ALMA Telescope’s Views of Herbig-Haro Object HH 46/47

Some astronomers using ALMA (Atacama Large Millimeter Array) have got a vivid image to close the material flowing from a newborn star.  Observing the luminescence produced by carbon monoxide molecules in an object known as Herbig-Haro 46/47, they have discovered that the jets from these products are even more energetic than previously thought so far.  The new, highly detailed images, also unveiled an unknown Jet that points in a completely different direction.



Young stars are violent objects which eject material at high speeds, up to one million kilometers per hour. Astronomers George Herbig and Guillermo Haro were not the first that see one of those strange objects that now bear their name, but were the first to study the spectra in detail.  They understood that they were not only clumps of gas and dust that reflect light or glow under the influence of ultraviolet light of young stars, but a new class of objects associated with the shockwaves created by nearly all high speed material from star-forming regions.  A spectacular example of this class is Herbig-Haro 46/47, approximately 1400 light-years away in the constellation Vela, object of study with ALMA during “Early Science”, when the telescope was still under construction and the array of antennas far from being completed. The new images reveal for details in two jets, one that points toward the Earth and the other running.  The Jet out was almost invisible in the previous photography obtained in the optical band, due to obscuring dust clouds surrounding the rising star.  ALMA has provided much sharper images than previous telescopes and also allowed astronomers to measure the speed at which the glowing material moves through space. These new observations of Herbig-Haro 46/47 showed that part of ejected gas has a much greater speed than previous measures.  This means that the gas jets carry much more energy and momentum than previously thought. The head of the team and lead author of the new research, Hector Arce (Yale University, USA), explains that “the exquisite sensitivity of ALMA will reveal details invisible before this spring, as this discharge so fast.  Also seems a textbook example of a simple model where molecular flow is generated by a wind produced by the young star at large angles “. The remarks were obtained in just five hours of observation time with ALMA – even though ALMA was still under construction at the time – observations of similar quality to other telescopes would require ten times as much.
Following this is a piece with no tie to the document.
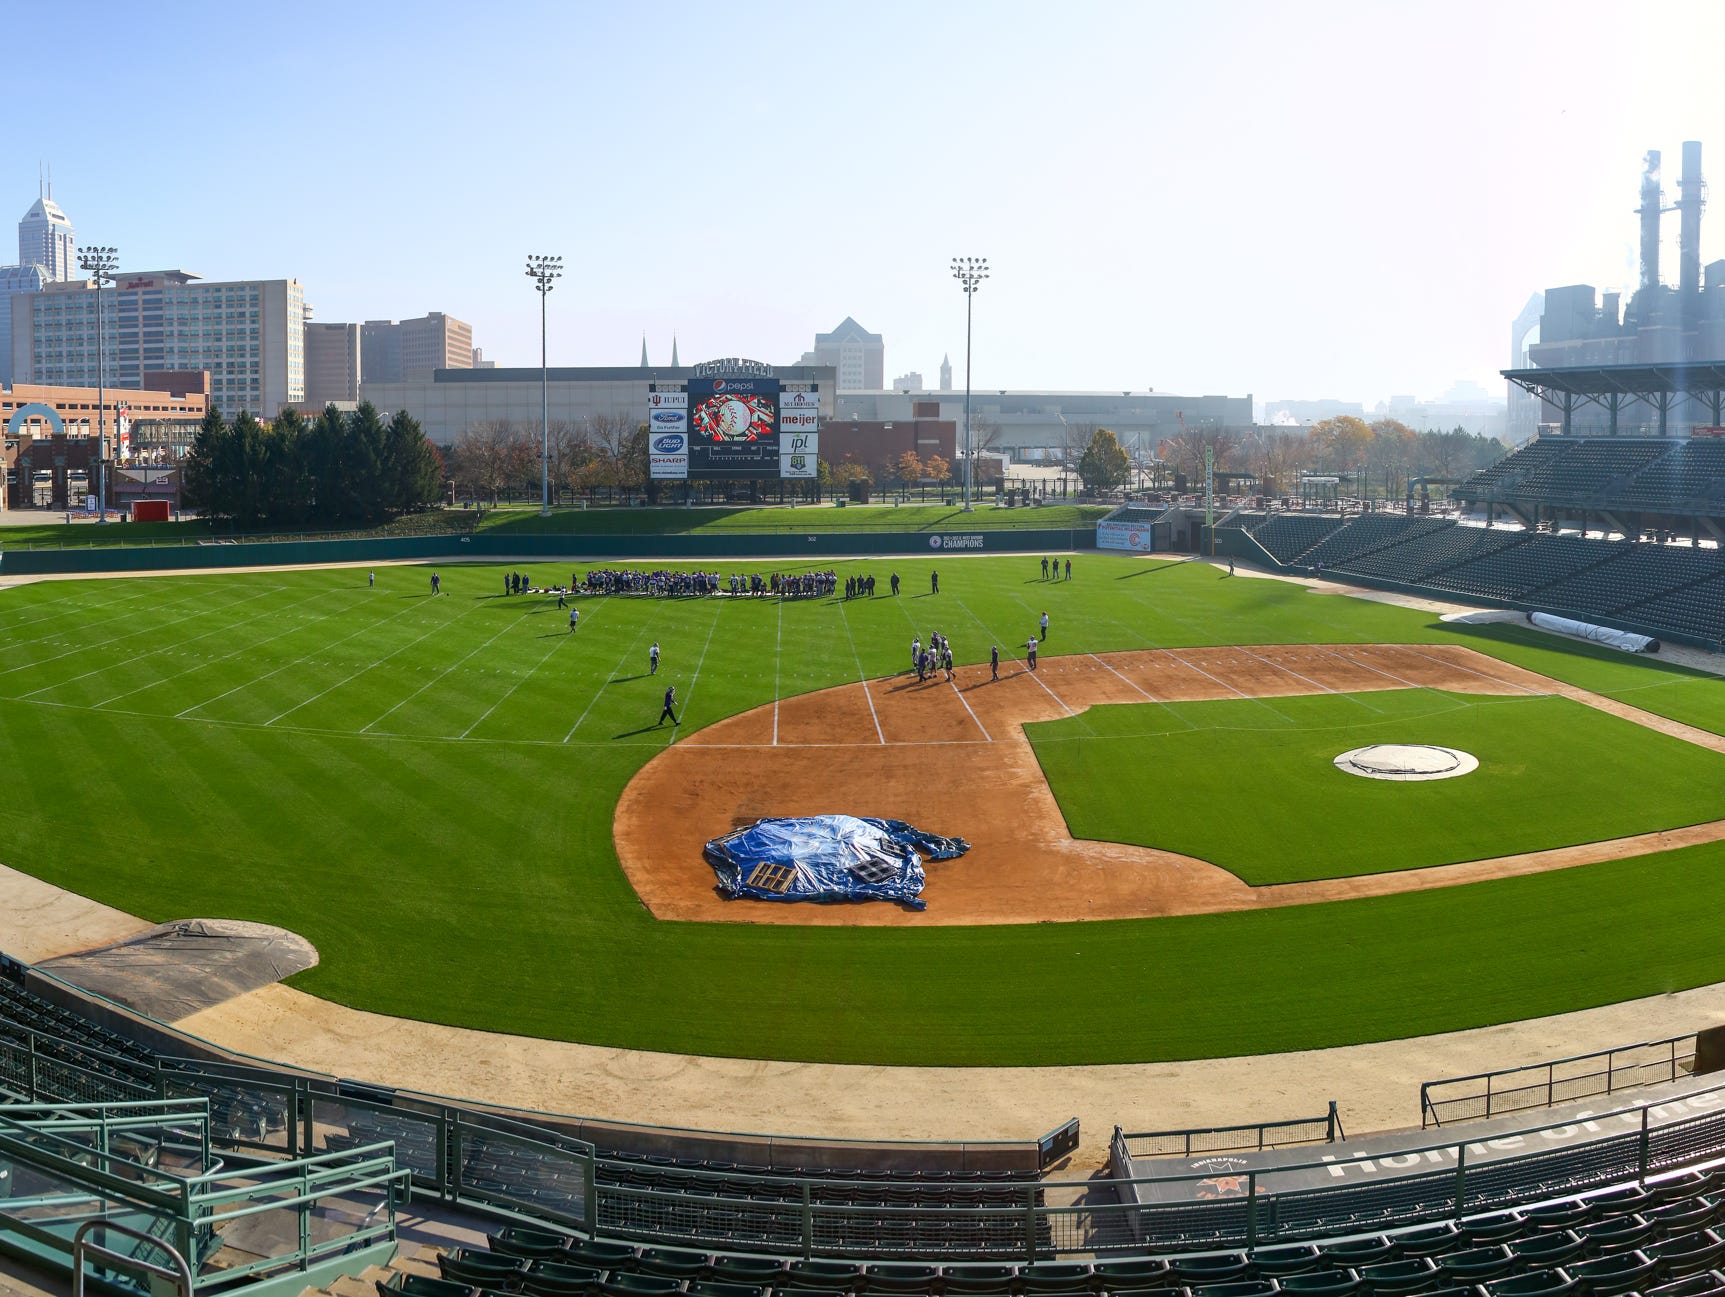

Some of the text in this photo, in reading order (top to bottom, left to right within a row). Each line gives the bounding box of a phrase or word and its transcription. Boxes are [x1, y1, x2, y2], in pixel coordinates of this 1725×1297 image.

This image from ESO’s New Technology Telescope at the La Silla Observatory in Chile shows the Herbig-Haro object HH 46/47 as jets emerging from a star-forming dark cloud. This object was the target of a study using ALMA during the Early Science phase. “The details of the image of Herbig-Haro 46/47 are amazing.  Perhaps even more surprising is the fact that, for this type of observations, we are really just beginning.  In the future ALMA will provide even better images in even shorter time, “adds Stuartt Corder (Joint ALMA Observatory, Chile), one of the co-authors of the article. Diego Mardones (University of Chile), another co-author, stresses that “this system is similar to most isolated low-mass stars during the formation and birth.  But it is also unusual because the outgoing stream hits the cloud directly from one side of the young star and escapes from the cloud on the other.  This makes it an excellent system to study the impact of stellar winds on the mother cloud that is forming the young star “. The sharpness and sensitivity achieved by these observations of ALMA have allowed the team to discover an unexpected outflow component, which seems to come from a lower mass companion young star.  This secondary flow is nearly at right angles to the main object and apparently is digging a hole in the surrounding cloud. Arce concludes that “ALMA has identified a particular outgoing flow from the star more clearly than earlier studies. This shows that the full array will give us surely many surprises and fascinating discoveries.  ALMA certainly will revolutionize the field of stellar formation! “.